This clinical trial is focused on studying the safety and effectiveness of a medication called Guanfacine Hydrochloride in children and adolescents aged 6 to 17 years who have been diagnosed with Attention-Deficit/Hyperactivity Disorder (ADHD). ADHD is a condition that affects attention, self-control, and the ability to sit still. The study is designed to help understand how well Guanfacine Hydrochloride works and how safe it is for long-term use in young people who cannot use stimulant medications due to various reasons such as intolerance or ineffectiveness.

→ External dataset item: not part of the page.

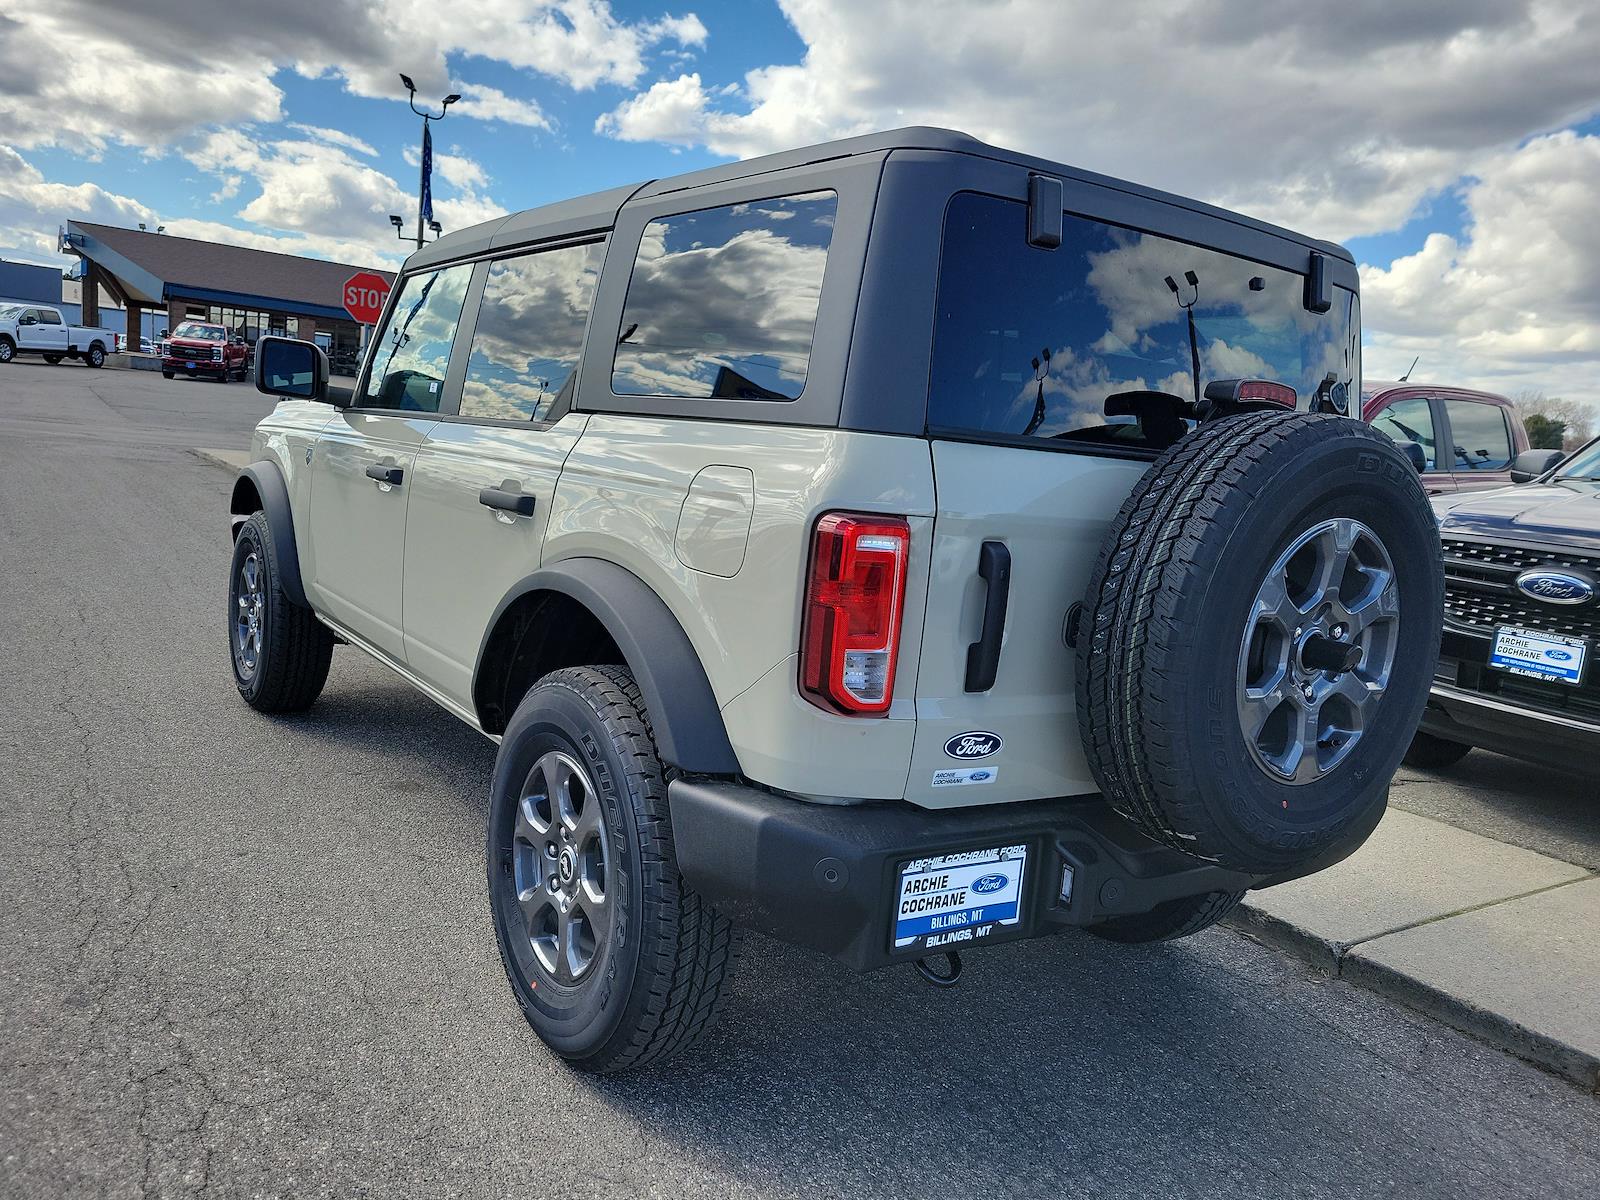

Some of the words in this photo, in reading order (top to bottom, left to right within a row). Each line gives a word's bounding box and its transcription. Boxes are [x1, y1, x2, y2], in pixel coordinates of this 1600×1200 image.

The trial will compare Guanfacine Hydrochloride with another medication called Atomoxetine Hydrochloride, which is also used to treat ADHD. Participants will be randomly assigned to receive either Guanfacine Hydrochloride, Atomoxetine Hydrochloride, or a placebo. The study will begin with a phase where the best dose for each participant is determined, followed by a period where the medication is taken regularly. The trial will last for a total of 12 months, during which the participants’ attention and reaction times will be monitored using a computer-based test called the Cambridge Automated Neuropsychological Test Battery (CANTAB).

The main goal of the study is to evaluate the long-term safety of Guanfacine Hydrochloride and its effects on attention and psychomotor speed, which refers to the coordination between thinking and physical movement. The study will also look at other health indicators such as weight, height, and vital signs like blood pressure and heart rate. This research aims to provide valuable information on the use of Guanfacine Hydrochloride for managing ADHD in children and adolescents.

1 joining the study

Upon joining the study, the participant will be informed about the trial’s purpose and procedures. Consent from a parent or legally authorized representative is required, along with the participant’s assent if applicable.

2 initial assessment

An initial assessment will be conducted to confirm eligibility. This includes checking intellectual functioning, ability to swallow tablets, and ensuring blood pressure is within the required range.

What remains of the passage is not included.